Task item
In the copy, include every entry exactly but none of its images.

(Stored data)
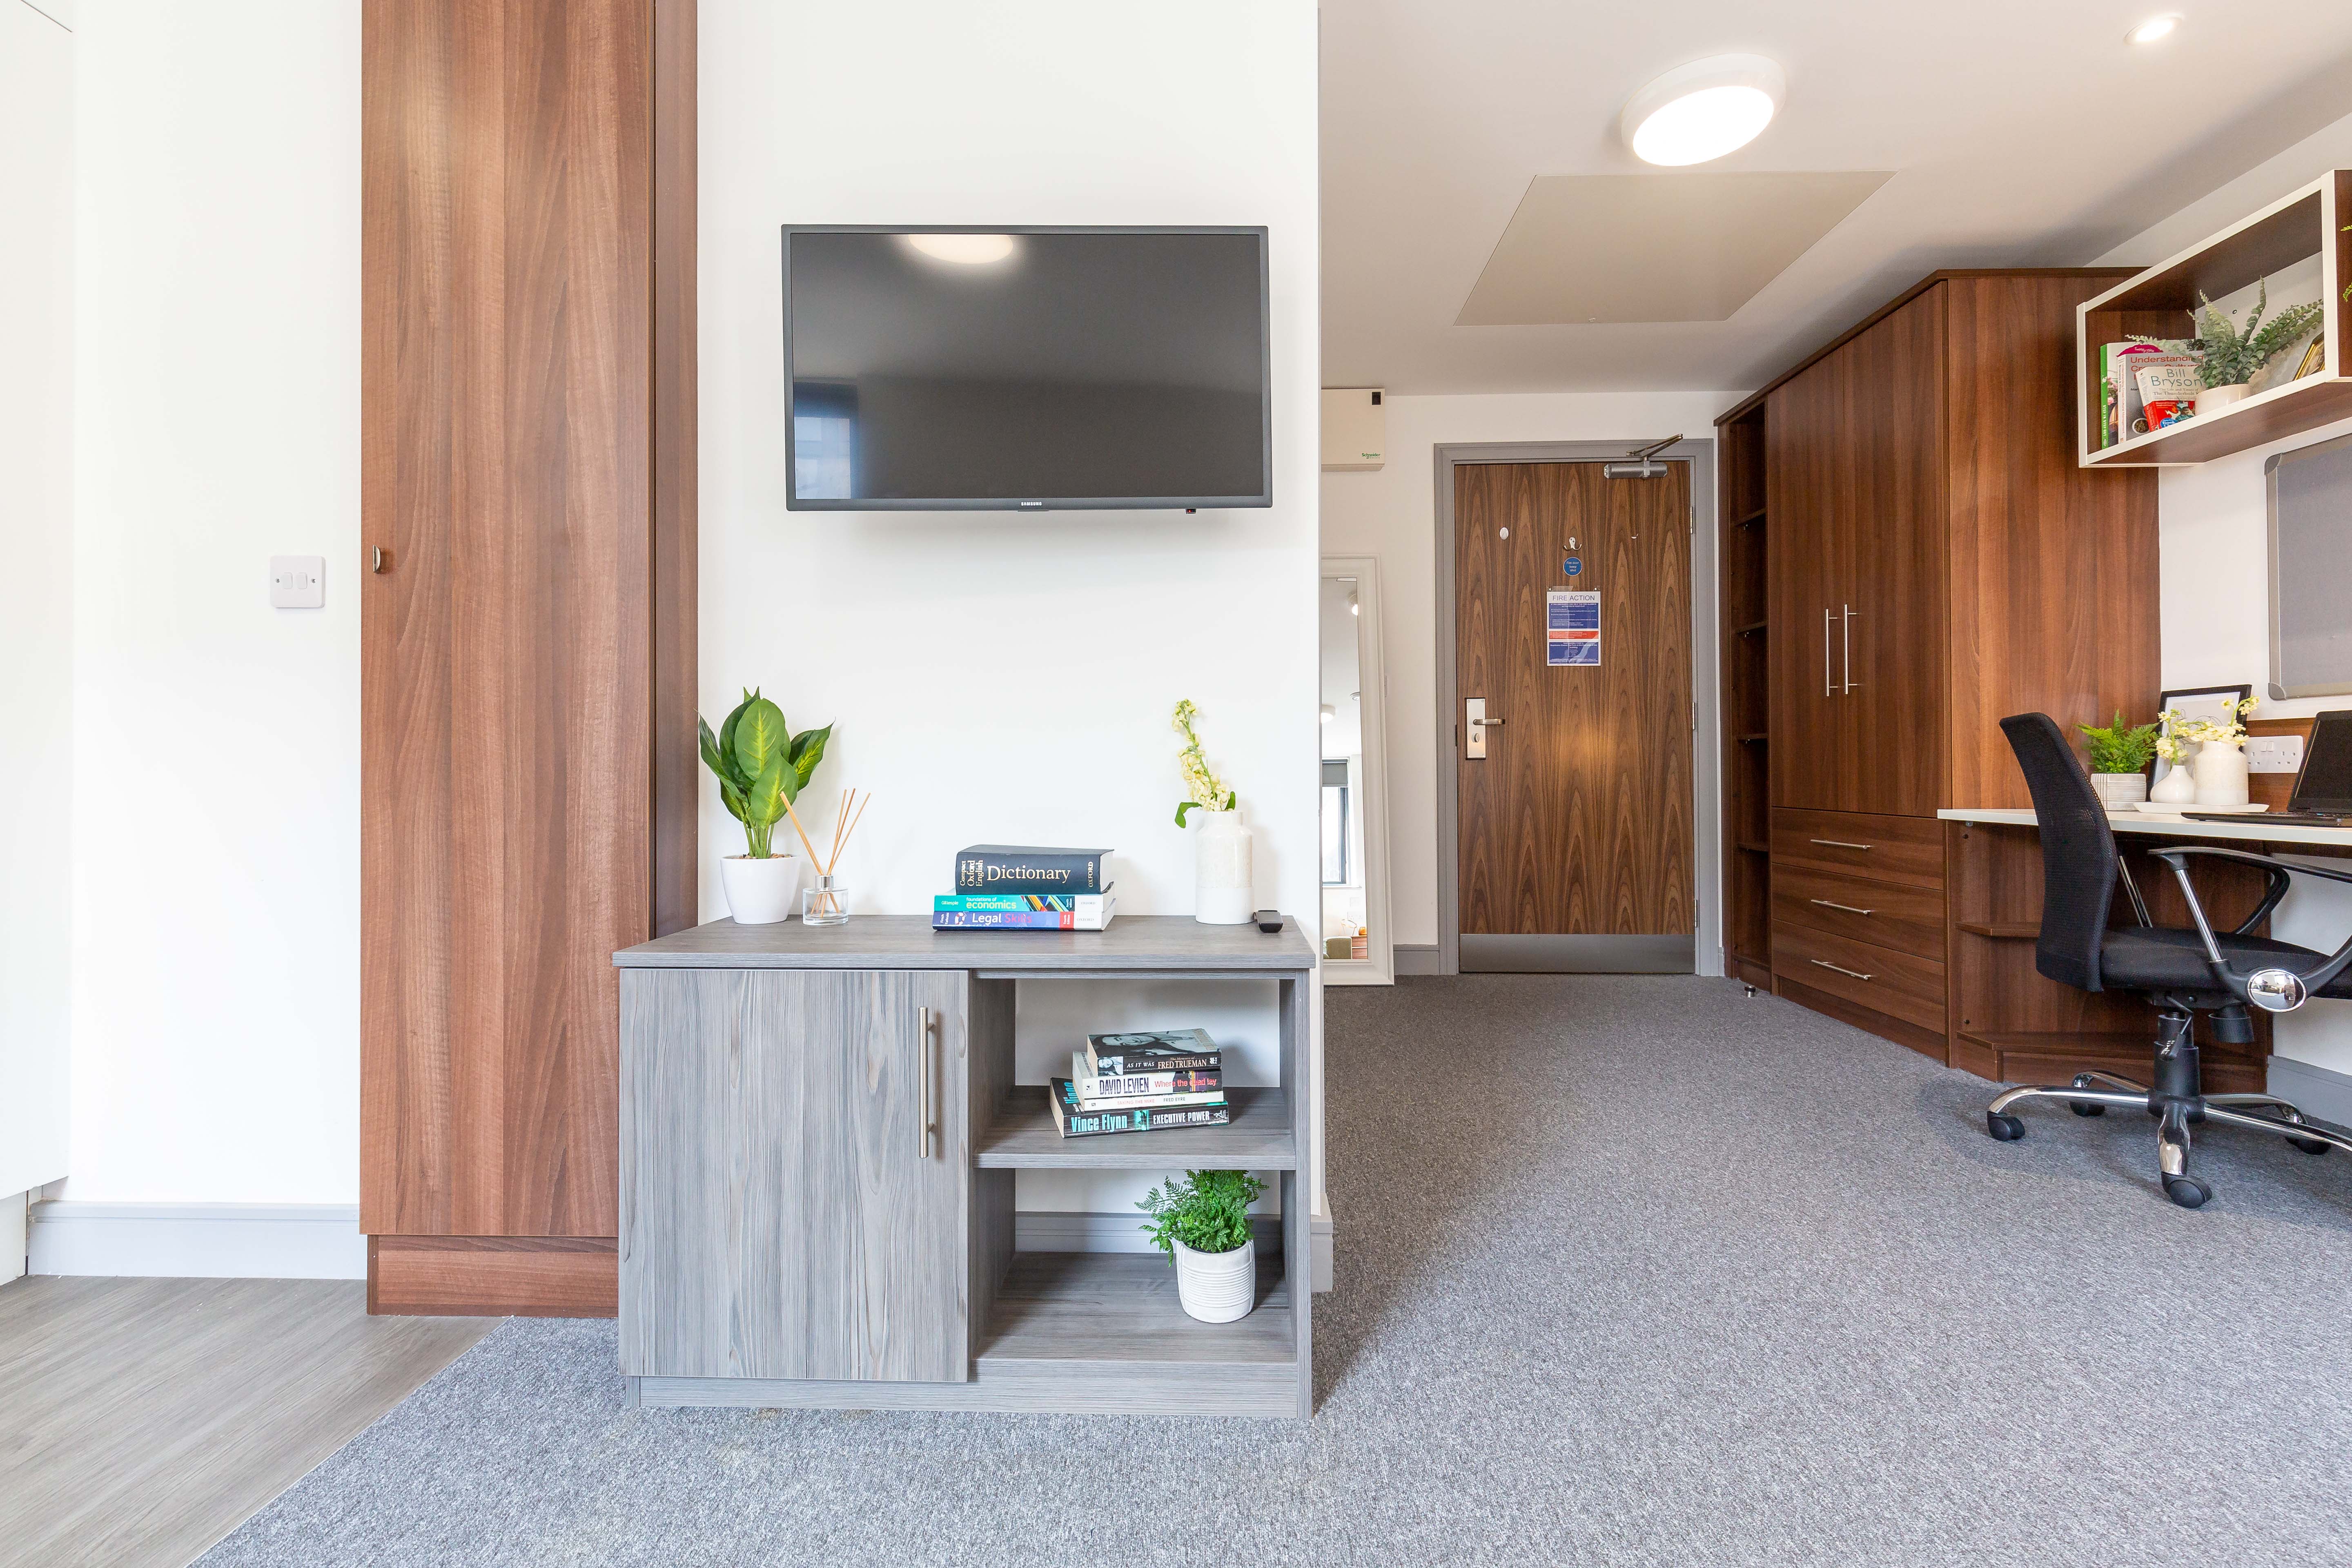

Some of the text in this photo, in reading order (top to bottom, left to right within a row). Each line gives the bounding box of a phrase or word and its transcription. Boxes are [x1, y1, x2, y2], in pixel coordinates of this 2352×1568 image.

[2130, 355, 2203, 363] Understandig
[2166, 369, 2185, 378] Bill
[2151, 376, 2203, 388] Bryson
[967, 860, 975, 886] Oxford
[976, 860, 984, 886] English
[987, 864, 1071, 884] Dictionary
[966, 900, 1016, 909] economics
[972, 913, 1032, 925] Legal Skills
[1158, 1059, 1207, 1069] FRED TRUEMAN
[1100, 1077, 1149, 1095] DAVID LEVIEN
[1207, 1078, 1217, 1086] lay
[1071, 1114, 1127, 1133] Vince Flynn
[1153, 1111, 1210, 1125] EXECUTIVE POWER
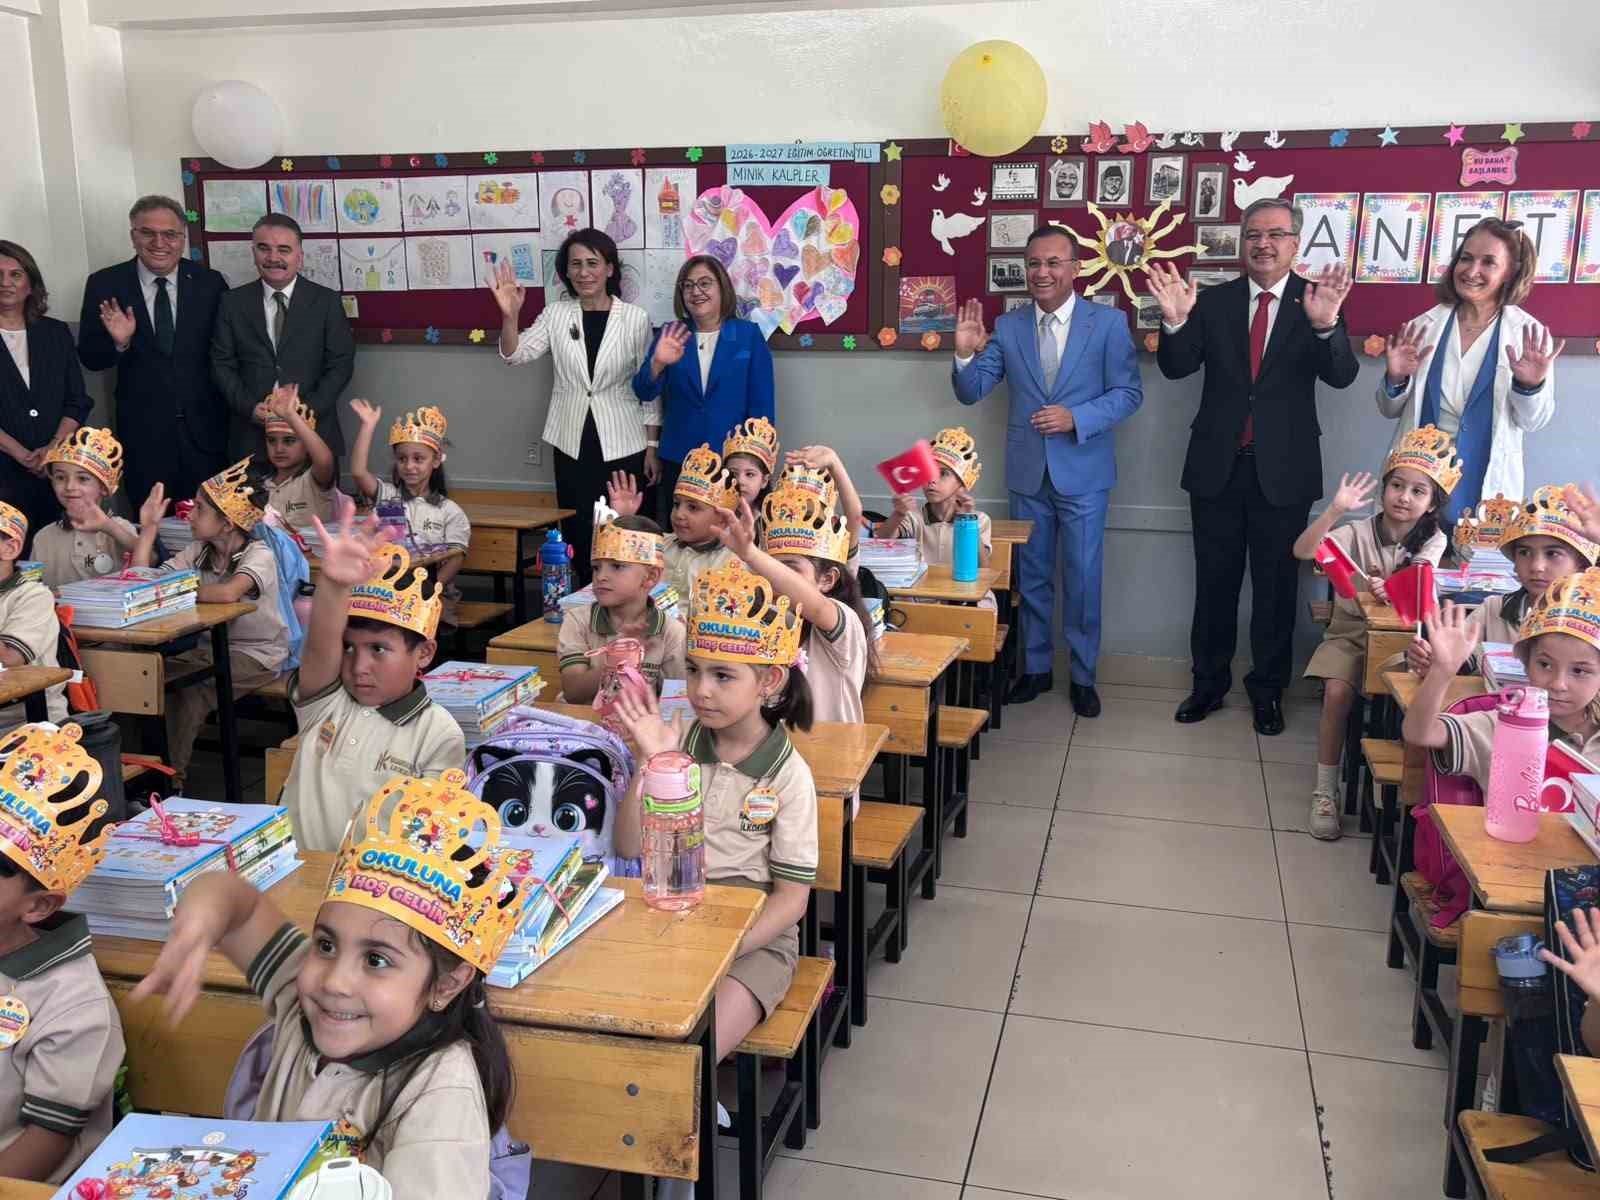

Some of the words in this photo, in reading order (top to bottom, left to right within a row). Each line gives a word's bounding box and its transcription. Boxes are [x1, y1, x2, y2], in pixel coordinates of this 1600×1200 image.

Output for this task
Some of the text in this photo, in reading order (top to bottom, left to right within a row). Each line gives the bounding box of a phrase or word and its transcription. Boxes are [x1, y1, x2, y2], in pixel coordinates of this 2352×1568 image.

[2130, 355, 2203, 363] Understandig
[2166, 369, 2185, 378] Bill
[2151, 376, 2203, 388] Bryson
[967, 860, 975, 886] Oxford
[976, 860, 984, 886] English
[987, 864, 1071, 884] Dictionary
[966, 900, 1016, 909] economics
[972, 913, 1032, 925] Legal Skills
[1158, 1059, 1207, 1069] FRED TRUEMAN
[1100, 1077, 1149, 1095] DAVID LEVIEN
[1207, 1078, 1217, 1086] lay
[1071, 1114, 1127, 1133] Vince Flynn
[1153, 1111, 1210, 1125] EXECUTIVE POWER

Some of the words in this photo, in reading order (top to bottom, left to right within a row). Each line gives a word's bounding box and its transcription. Boxes are [x1, y1, x2, y2], in pixel coordinates of this 1600×1200 image.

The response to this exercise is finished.